**Aim of the exercise**
Verbatim output required. Print the data in full.

**Exercise material**
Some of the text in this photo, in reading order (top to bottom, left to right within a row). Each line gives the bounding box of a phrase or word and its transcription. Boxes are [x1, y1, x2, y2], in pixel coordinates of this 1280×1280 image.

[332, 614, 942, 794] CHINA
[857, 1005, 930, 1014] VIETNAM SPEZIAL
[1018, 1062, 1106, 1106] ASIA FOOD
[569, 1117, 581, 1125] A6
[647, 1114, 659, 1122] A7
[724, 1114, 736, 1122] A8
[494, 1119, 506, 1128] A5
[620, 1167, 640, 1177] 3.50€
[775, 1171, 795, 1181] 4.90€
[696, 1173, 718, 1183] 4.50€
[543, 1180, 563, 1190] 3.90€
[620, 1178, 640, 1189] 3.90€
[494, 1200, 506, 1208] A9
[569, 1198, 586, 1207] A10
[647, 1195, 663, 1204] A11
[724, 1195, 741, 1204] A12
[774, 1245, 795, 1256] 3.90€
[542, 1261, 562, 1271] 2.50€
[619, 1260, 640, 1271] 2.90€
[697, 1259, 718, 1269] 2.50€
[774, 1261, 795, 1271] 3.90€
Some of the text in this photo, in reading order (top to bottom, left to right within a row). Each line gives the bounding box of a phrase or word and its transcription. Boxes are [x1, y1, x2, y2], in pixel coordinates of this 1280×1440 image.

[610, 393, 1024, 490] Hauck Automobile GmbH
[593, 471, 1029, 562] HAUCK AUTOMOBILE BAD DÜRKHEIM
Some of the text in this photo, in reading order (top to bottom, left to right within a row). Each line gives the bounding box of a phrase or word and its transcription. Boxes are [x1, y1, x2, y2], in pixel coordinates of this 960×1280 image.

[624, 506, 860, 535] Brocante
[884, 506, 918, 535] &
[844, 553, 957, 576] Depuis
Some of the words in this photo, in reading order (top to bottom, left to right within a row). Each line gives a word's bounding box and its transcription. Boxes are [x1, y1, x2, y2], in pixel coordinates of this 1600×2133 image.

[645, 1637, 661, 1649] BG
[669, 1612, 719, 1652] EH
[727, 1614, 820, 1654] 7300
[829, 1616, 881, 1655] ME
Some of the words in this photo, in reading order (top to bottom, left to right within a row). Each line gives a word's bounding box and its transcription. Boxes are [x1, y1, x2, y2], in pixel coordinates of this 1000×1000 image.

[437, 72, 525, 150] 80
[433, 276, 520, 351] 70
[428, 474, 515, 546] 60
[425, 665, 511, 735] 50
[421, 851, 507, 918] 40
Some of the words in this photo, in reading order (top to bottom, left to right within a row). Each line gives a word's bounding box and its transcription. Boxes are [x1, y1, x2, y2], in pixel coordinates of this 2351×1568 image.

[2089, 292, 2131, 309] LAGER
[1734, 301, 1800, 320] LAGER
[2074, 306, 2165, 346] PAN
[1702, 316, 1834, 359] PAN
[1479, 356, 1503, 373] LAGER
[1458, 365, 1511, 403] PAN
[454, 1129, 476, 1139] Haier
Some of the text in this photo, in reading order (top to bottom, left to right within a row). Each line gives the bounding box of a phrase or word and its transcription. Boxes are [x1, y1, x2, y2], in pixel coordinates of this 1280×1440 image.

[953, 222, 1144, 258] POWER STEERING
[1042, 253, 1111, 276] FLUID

**Task output**
Some of the text in this photo, in reading order (top to bottom, left to right within a row). Each line gives the bounding box of a phrase or word and its transcription. Boxes are [x1, y1, x2, y2], in pixel coordinates of this 1280×1280 image.

[332, 614, 942, 794] CHINA
[857, 1005, 930, 1014] VIETNAM SPEZIAL
[1018, 1062, 1106, 1106] ASIA FOOD
[569, 1117, 581, 1125] A6
[647, 1114, 659, 1122] A7
[724, 1114, 736, 1122] A8
[494, 1119, 506, 1128] A5
[620, 1167, 640, 1177] 3.50€
[775, 1171, 795, 1181] 4.90€
[696, 1173, 718, 1183] 4.50€
[543, 1180, 563, 1190] 3.90€
[620, 1178, 640, 1189] 3.90€
[494, 1200, 506, 1208] A9
[569, 1198, 586, 1207] A10
[647, 1195, 663, 1204] A11
[724, 1195, 741, 1204] A12
[774, 1245, 795, 1256] 3.90€
[542, 1261, 562, 1271] 2.50€
[619, 1260, 640, 1271] 2.90€
[697, 1259, 718, 1269] 2.50€
[774, 1261, 795, 1271] 3.90€
Some of the text in this photo, in reading order (top to bottom, left to right within a row). Each line gives the bounding box of a phrase or word and its transcription. Boxes are [x1, y1, x2, y2], in pixel coordinates of this 1280×1440 image.

[610, 393, 1024, 490] Hauck Automobile GmbH
[593, 471, 1029, 562] HAUCK AUTOMOBILE BAD DÜRKHEIM
Some of the text in this photo, in reading order (top to bottom, left to right within a row). Each line gives the bounding box of a phrase or word and its transcription. Boxes are [x1, y1, x2, y2], in pixel coordinates of this 960×1280 image.

[624, 506, 860, 535] Brocante
[884, 506, 918, 535] &
[844, 553, 957, 576] Depuis
Some of the words in this photo, in reading order (top to bottom, left to right within a row). Each line gives a word's bounding box and its transcription. Boxes are [x1, y1, x2, y2], in pixel coordinates of this 1600×2133 image.

[645, 1637, 661, 1649] BG
[669, 1612, 719, 1652] EH
[727, 1614, 820, 1654] 7300
[829, 1616, 881, 1655] ME
Some of the words in this photo, in reading order (top to bottom, left to right within a row). Each line gives a word's bounding box and its transcription. Boxes are [x1, y1, x2, y2], in pixel coordinates of this 1000×1000 image.

[437, 72, 525, 150] 80
[433, 276, 520, 351] 70
[428, 474, 515, 546] 60
[425, 665, 511, 735] 50
[421, 851, 507, 918] 40
Some of the words in this photo, in reading order (top to bottom, left to right within a row). Each line gives a word's bounding box and its transcription. Boxes are [x1, y1, x2, y2], in pixel coordinates of this 2351×1568 image.

[2089, 292, 2131, 309] LAGER
[1734, 301, 1800, 320] LAGER
[2074, 306, 2165, 346] PAN
[1702, 316, 1834, 359] PAN
[1479, 356, 1503, 373] LAGER
[1458, 365, 1511, 403] PAN
[454, 1129, 476, 1139] Haier
Some of the text in this photo, in reading order (top to bottom, left to right within a row). Each line gives the bounding box of a phrase or word and its transcription. Boxes are [x1, y1, x2, y2], in pixel coordinates of this 1280×1440 image.

[953, 222, 1144, 258] POWER STEERING
[1042, 253, 1111, 276] FLUID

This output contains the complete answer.